Recently I asked Dr. Michał Choiński and Dr. Jan Rybicki, professors at the Jagiellonian University, Kraków, Poland, if they would have time to give an interview about their recent Digital Humanities research in Edwards studies. They graciously agreed and granted JESociety a technically-rich peek into their research methods and findings.
Rob Boss: Michał, tell us how Jonathan Edwards first became a research interest to you and why you were interested in his life and works.
Michał Choiński: I spent almost ten years doing research on the rhetoric of the Great Awakening preachers. I was determined to understand the source of the powerful use of language which characterized 18th century colonial revivalism. What was happening there on a purely communicative and sociolinguistic level that allowed a group of speakers to exert such a powerful impact on the minds and hearts of their hearers? So, to answer that question I read a lot of sermons by George Whitefield, Gilbert Tennant, Jonathan Parsons and—obviously—Jonathan Edwards. I also studied responses to these sermons and the contemporary accounts of revival “harvests.” I must say that it was a rather intensive and overwhelming experience to submerge oneself so strongly in these texts for a longer time. But that early colonial “rhetoric of the revival” impressed me a lot as a blend of figurative stratagems, theatrical ploys, and topical diversity that seemed quite unique from a historical point of view. In the book that came out of my research, The Rhetoric of the Revival published in the New Directions of Jonathan Edwards Studies with Yale JEC Centre, I seek to stress precisely the richness of that pulpit oratory, as well as its inventiveness.
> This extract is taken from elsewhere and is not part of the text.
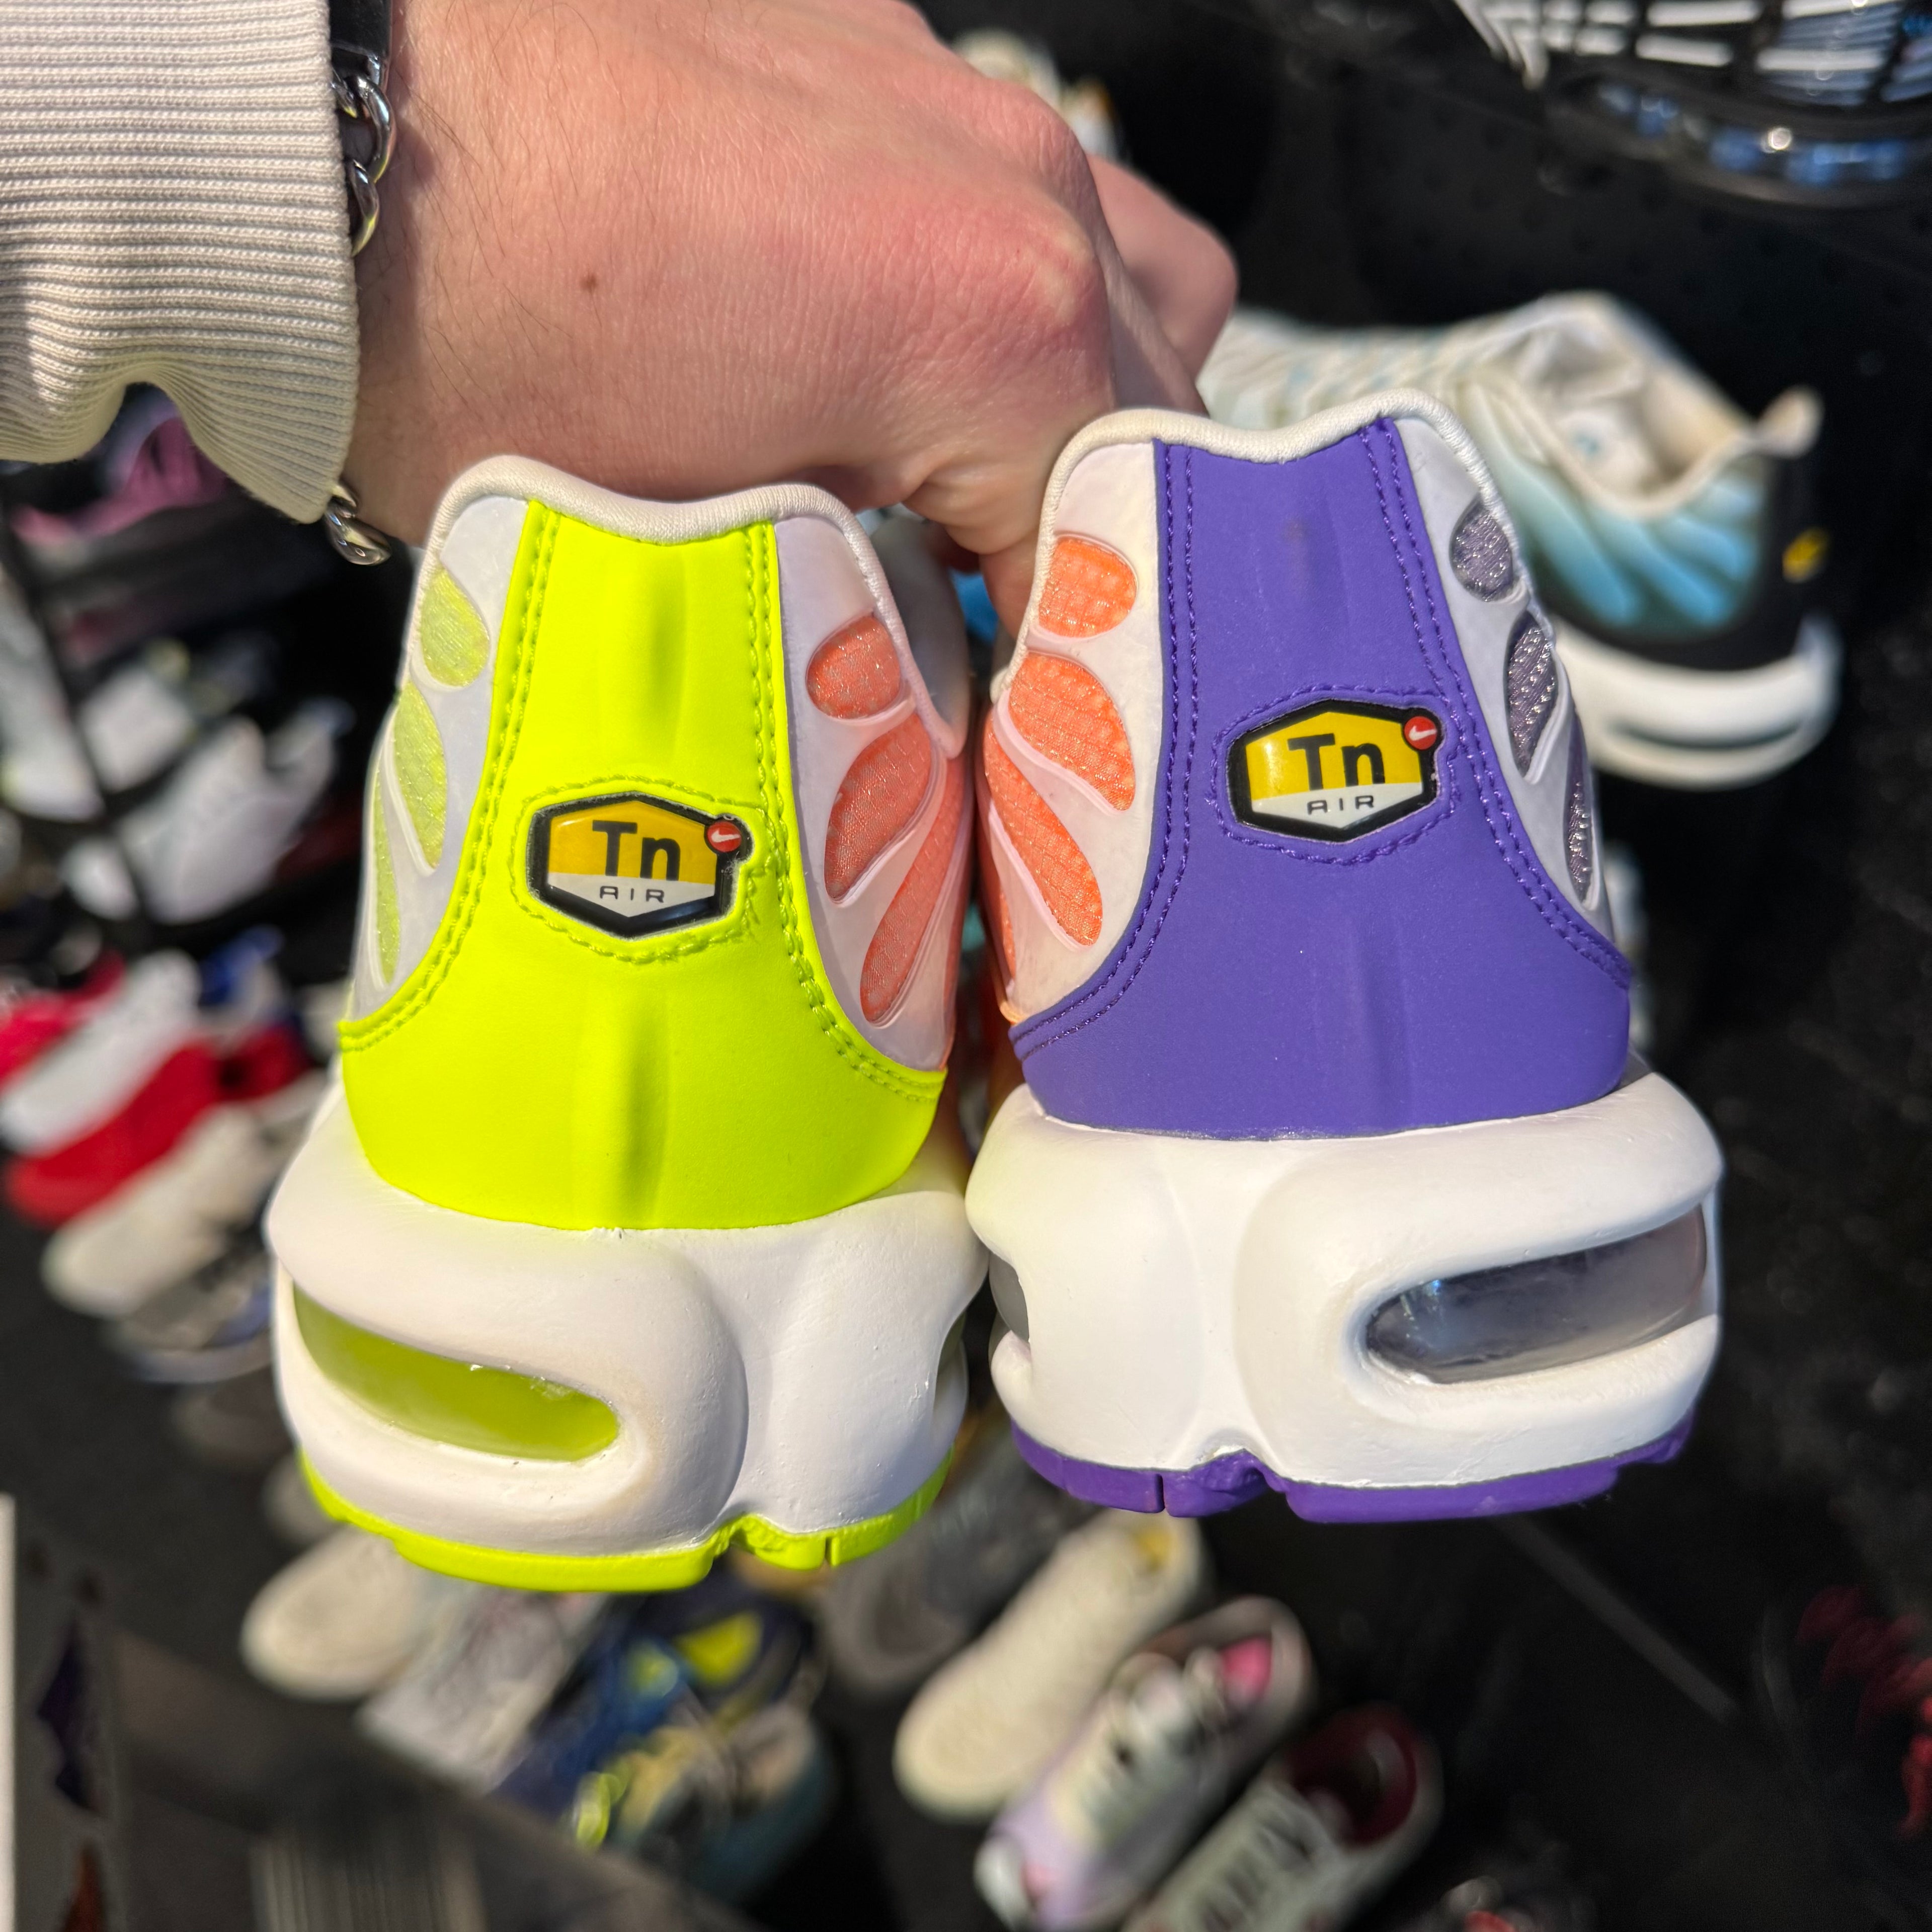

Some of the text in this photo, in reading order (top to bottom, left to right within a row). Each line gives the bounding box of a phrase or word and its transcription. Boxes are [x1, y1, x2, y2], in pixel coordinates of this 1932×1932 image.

[1287, 733, 1386, 791] Tn
[1307, 795, 1375, 815] AIR
[592, 820, 681, 881] Tn
[599, 886, 665, 903] AIR
Edwards’s sermons exhibit to me impressive literary qualities and I have been puzzled by their figurative complexity ever since I read Sinners as a sophomore in my American literature classes, as a student at the Jagiellonian University. However, having been reading these texts for almost a decade, I came to realize that—to put it simply—I was short of the lifetime needed to acquaint myself with all the relevant materials. Edwards himself wrote more than fifteen hundred sermons. How do you manage such a collection as a reader? Not to mention noticing connections between various groups of texts—say, if you read two thousand sermons by ten authors, can you remember them well enough to see the stylistic patterns they share? That’s why I was so delighted when Jan Rybicki proposed that we team up to use stylometry to study colonial writings and to apply for an OPUS research grant from the Polish Ministry of Higher Education.
Rob Boss: Tell us more about Digital Humanities. What do you see on the horizon of DH?
Jan Rybicki: Digital Humanities is a relatively new concept; perhaps ten years ago, it replaced “humanities computing” and its even narrower predecessor, “literary and/or linguistic computing” when it became clear that many humanists who used digital tools and/or who reflect upon them could not really fit into such a description of the discipline.
The interesting thing is, it is not. DH is not a discipline; it is not even a transdiscipline (like, say, translation studies). Instead, I think it is a product of the relative novelty and rarity of applying information technology to humanities data. This, too, is interesting, since it is difficult to find a more humanities concept that information. Strange, too, is the seemingly triumphant march of DH in the global academia when, at the same time, most of the (traditional) humanities community treats it with mistrust or, worse, as an unworthy yet dangerous rival to the ever-dwindling financial resources of the humanities disciplines. And yet DH centres, even if they are inaugurated with much pomp by university authorities, are far from comfortable financially, frequently unaware of where the necessary money will come from and reliant on a grant-to-grant existence; as a result, their lifespan is often very, very short.
This sorry state of affairs is, in my opinion, rooted in the fundamentally erroneous approach to DH. I do not agree that my own research is special or noteworthy or simply a fun way of spending my time just because I use a computer. The questions I try to answer in digital literary studies are fundamentally literary ones: they are all about language, literary tradition, the creative process, classification of literary phenomena. I just happen to use methods that are computational. There was a time when physics did not use computers; now all physicists do, and yet nobody calls them DIGITAL physicists.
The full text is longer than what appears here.